Part 7: In-Class Lab Activity

EPI 553 — Logistic Regression Part 1 Lab Due: April 13, 2026

Instructions

Complete the four tasks below using the BRFSS 2020 dataset (brfss_logistic_2020.rds). Submit a knitted HTML file via Brightspace. You may collaborate, but each student must submit their own work.

Data

Variable Description Type
fmd Frequent mental distress (No/Yes) Factor (outcome)
menthlth_days Mentally unhealthy days (0-30) Numeric
physhlth_days Physically unhealthy days (0-30) Numeric
sleep_hrs Hours of sleep per night Numeric
age Age in years Numeric
sex Male / Female Factor
bmi Body mass index Numeric
exercise Exercised in past 30 days (No/Yes) Factor
income_cat Household income category (1-8) Numeric
smoker Former/Never vs. Current Factor 
brfss_logistic <- readRDS("C:/Users/joshm/Documents/UAlbany/Spring 2026/EPI 553/Labs/BRFSS_logistic.XPT")

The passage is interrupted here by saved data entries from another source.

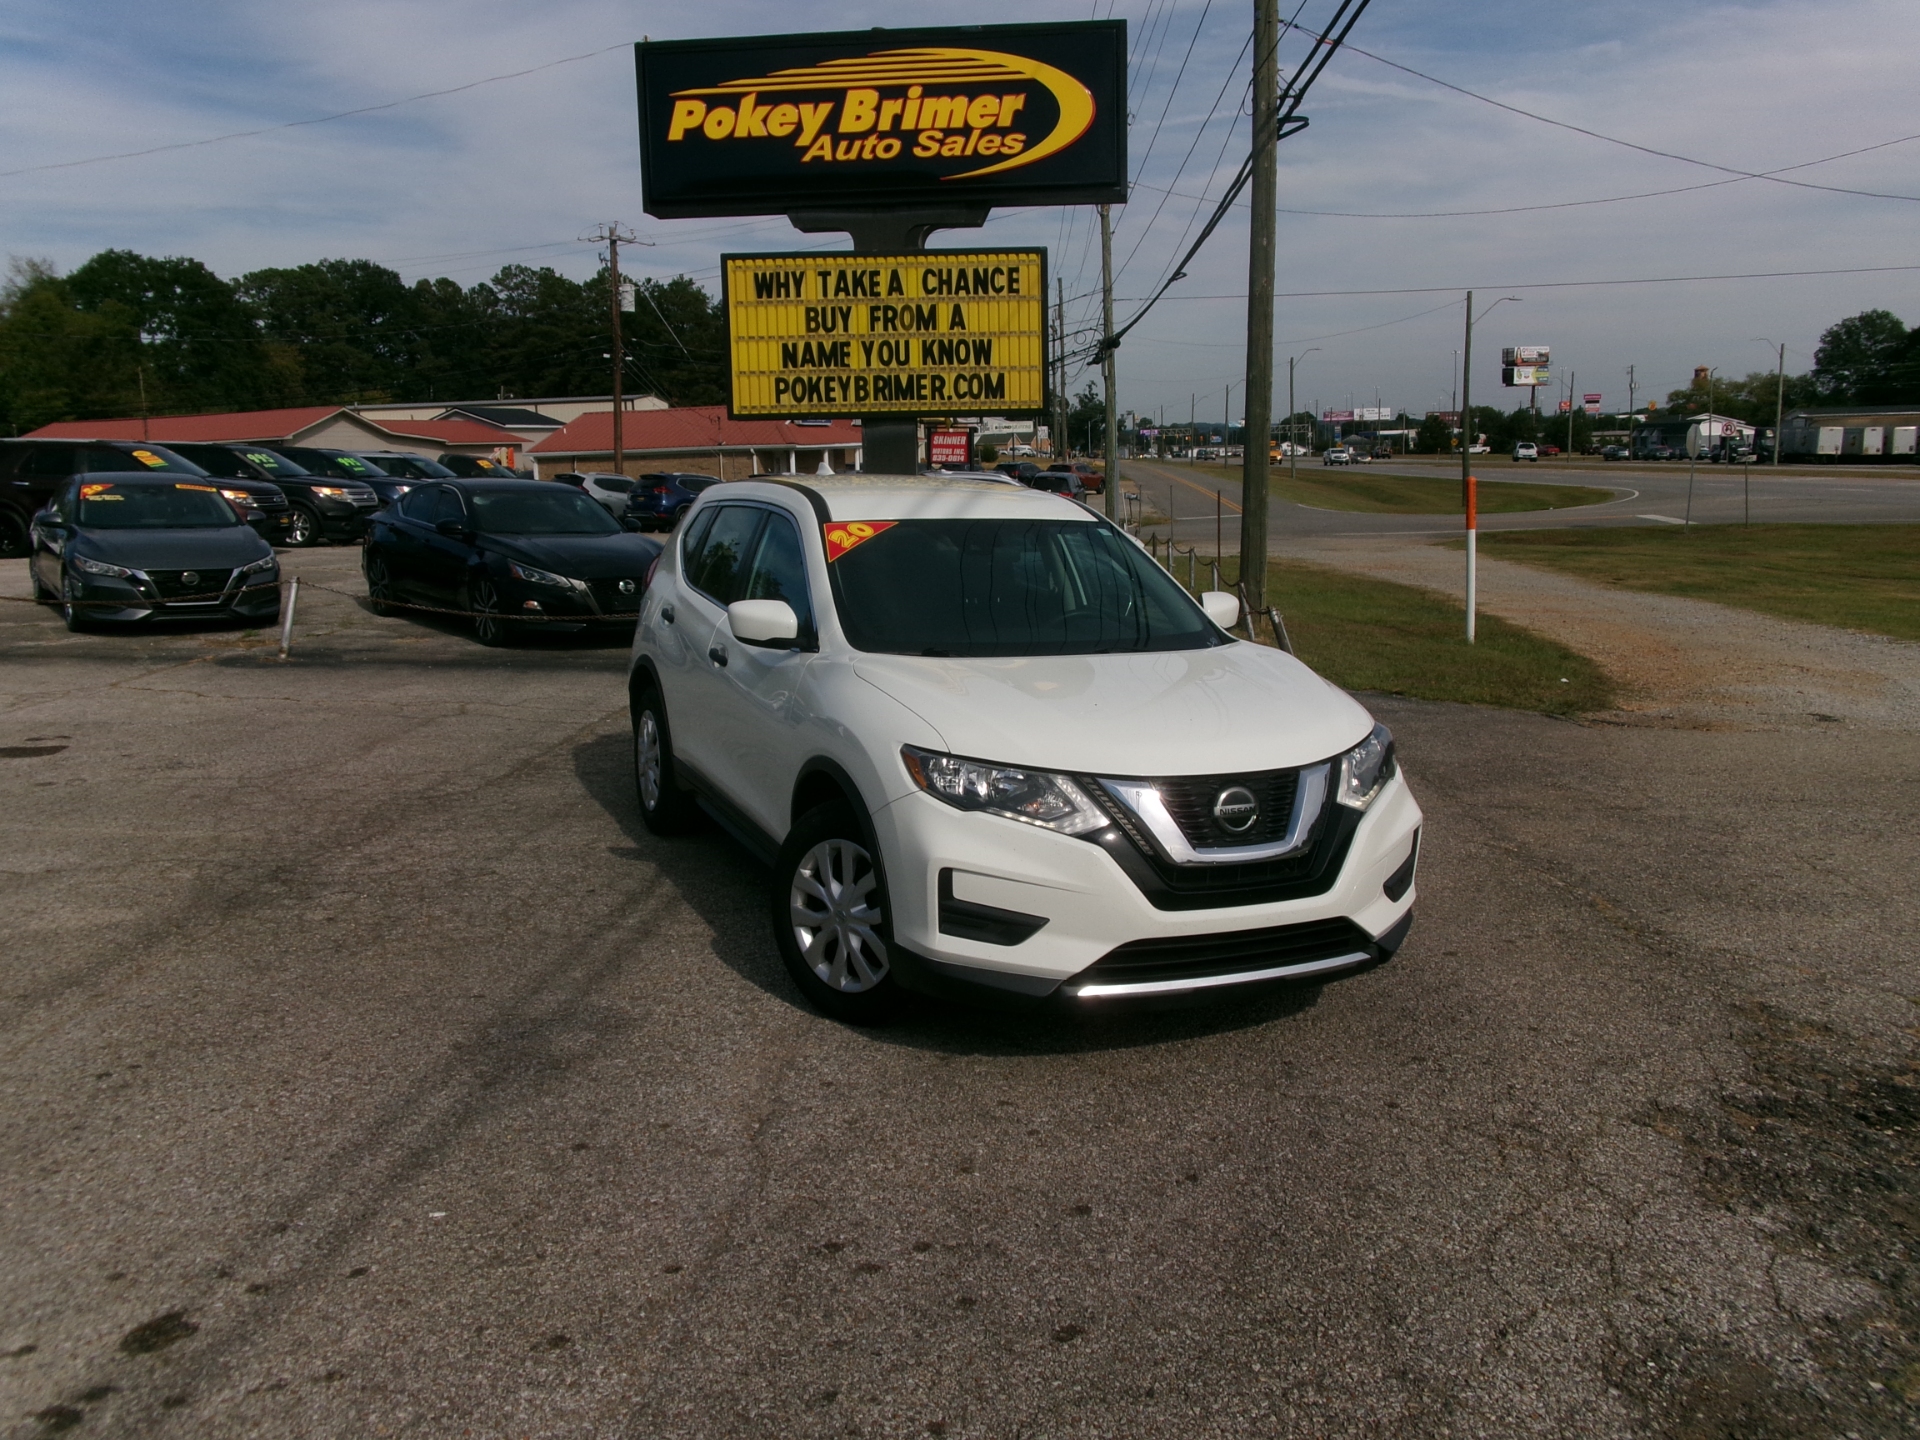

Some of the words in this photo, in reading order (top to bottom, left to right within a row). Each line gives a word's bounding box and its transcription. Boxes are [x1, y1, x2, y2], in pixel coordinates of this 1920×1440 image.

[667, 92, 834, 147] Pokey
[838, 85, 1026, 134] Brimer
[801, 132, 901, 162] Auto
[912, 129, 1026, 158] Sales
[753, 271, 805, 299] WHY
[817, 269, 881, 298] TAKE
[887, 268, 904, 297] A
[921, 266, 1021, 296] CHANCE
[805, 305, 852, 334] BUY
[869, 303, 937, 332] FROM
[949, 303, 966, 331] A
[781, 341, 851, 369] NAME
[860, 339, 911, 367] YOU
[921, 338, 992, 366] KNOW
[774, 372, 1005, 404] POKEYBRIMER.COM
[933, 435, 966, 445] SKINNER
[246, 453, 275, 463] 995
[83, 484, 103, 494] 20
[828, 522, 875, 548] 20
[1220, 807, 1256, 815] NISSAN

Task 1: Explore the Binary Outcome (15 points)

1a. (5 pts) Create a frequency table showing the number and percentage of individuals with and without frequent mental distress.

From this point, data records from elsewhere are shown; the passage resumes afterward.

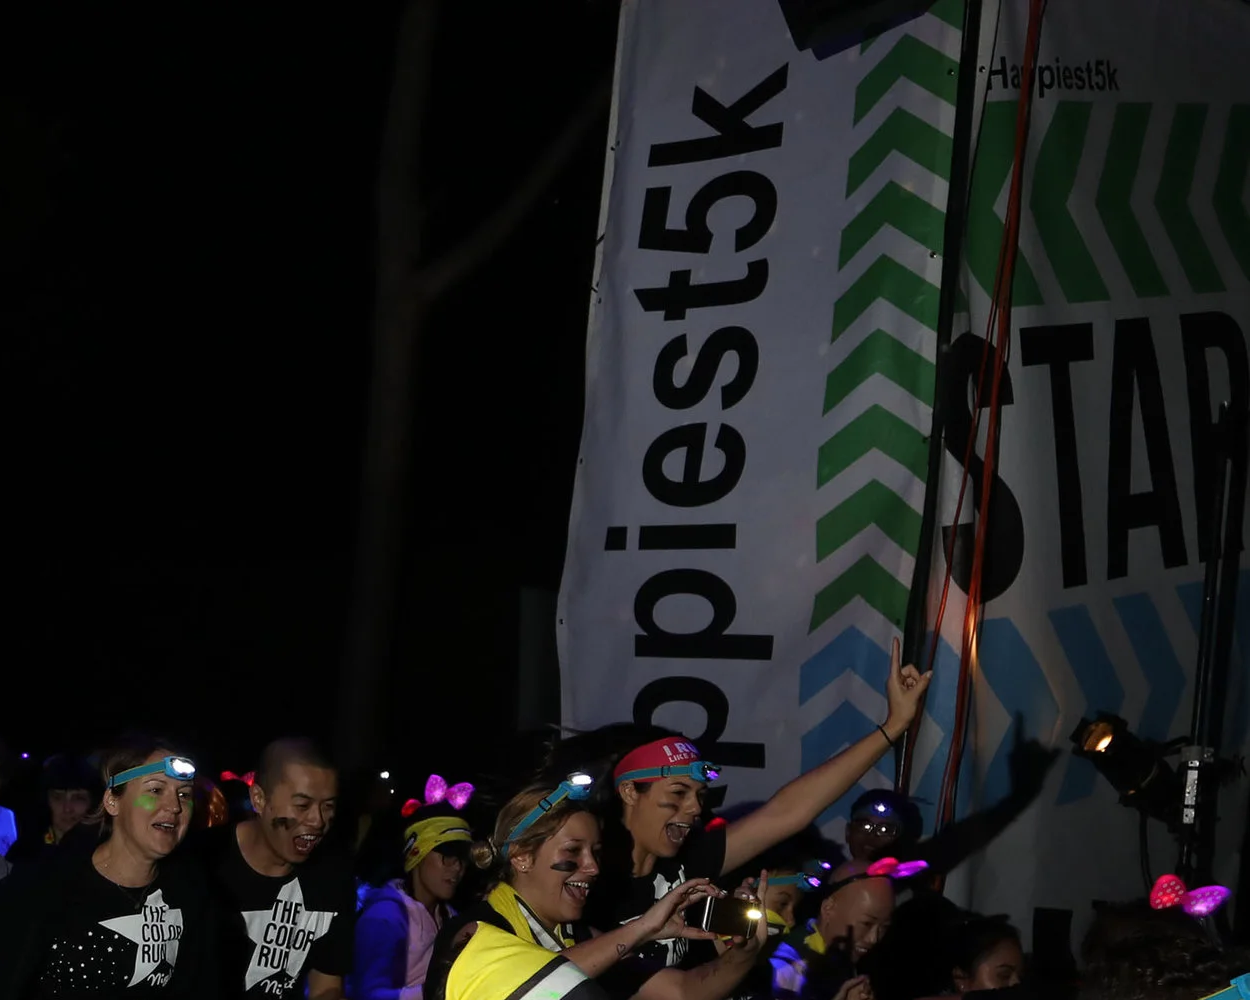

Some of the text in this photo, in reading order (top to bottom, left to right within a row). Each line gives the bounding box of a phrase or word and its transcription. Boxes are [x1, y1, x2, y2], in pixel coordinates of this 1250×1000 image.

[605, 62, 788, 815] ppiest5k
[143, 905, 168, 922] THE
[272, 900, 302, 925] THE
[142, 924, 183, 943] COLOR
[264, 923, 315, 951] COLOR
[142, 944, 168, 963] RUN

tibble(Metric = c("N", "FMD Cases", "FMD Prevalence"),
       Value  = c(nrow(brfss_logistic), 
                  sum(brfss_logistic$fmd == "Yes"),
                  paste0(round(100 * mean(brfss_logistic$fmd == "Yes"), 1), "%"))) |>
  kable(caption = "Analytic Dataset Overview") |>
  kable_styling(bootstrap_options = "striped", full_width = FALSE)
Analytic Dataset Overview
Metric Value
N 5000
FMD Cases 757
FMD Prevalence 15.1%

1b. (5 pts) Create a descriptive summary table of at least 4 predictors, stratified by FMD status. Use tbl_summary().

brfss_logistic |>
  tbl_summary(
    by = fmd,
    include = c(physhlth_days, sleep_hrs, age, sex),
    type = list(
      c(physhlth_days, sleep_hrs, age) ~ "continuous"
    ),
    statistic = list(
      all_continuous() ~ "{mean} ({sd})"
    ),
    label = list(
      physhlth_days ~ "Physical unhealthy days",
      sleep_hrs     ~ "Sleep hours",
      age           ~ "Age (years)",
      sex           ~ "Sex"
    )
  ) |>
  add_overall() |>
  add_p() |>
  bold_labels()
Characteristic Overall
N = 5,0001		 No
N = 4,2431		 Yes
N = 7571		 p-value2
Physical unhealthy days 4 (9) 3 (8) 10 (13) <0.001
Sleep hours 7.00 (1.48) 7.09 (1.40) 6.51 (1.83) <0.001
Age (years) 56 (16) 57 (16) 50 (16) <0.001
Sex


<0.001
    Male 2,701 (54%) 2,378 (56%) 323 (43%)
    Female 2,299 (46%) 1,865 (44%) 434 (57%)
1 Mean (SD); n (%)
2 Wilcoxon rank sum test; Pearson’s Chi-squared test

1c. (5 pts) Create a bar chart showing the proportion of FMD by exercise status OR smoking status.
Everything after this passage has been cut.